## Exercise instructions
Repeat the records. Each line must match exactly.

## Data records
○ ○ ○ ○

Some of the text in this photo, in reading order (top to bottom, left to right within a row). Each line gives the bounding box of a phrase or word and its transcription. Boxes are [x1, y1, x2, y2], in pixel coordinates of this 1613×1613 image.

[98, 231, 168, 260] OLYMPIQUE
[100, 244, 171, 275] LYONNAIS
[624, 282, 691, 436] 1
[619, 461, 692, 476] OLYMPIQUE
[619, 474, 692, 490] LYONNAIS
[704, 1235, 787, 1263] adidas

○ ○ ○ ○

## Written solution
Some of the text in this photo, in reading order (top to bottom, left to right within a row). Each line gives the bounding box of a phrase or word and its transcription. Boxes are [x1, y1, x2, y2], in pixel coordinates of this 1613×1613 image.

[98, 231, 168, 260] OLYMPIQUE
[100, 244, 171, 275] LYONNAIS
[624, 282, 691, 436] 1
[619, 461, 692, 476] OLYMPIQUE
[619, 474, 692, 490] LYONNAIS
[704, 1235, 787, 1263] adidas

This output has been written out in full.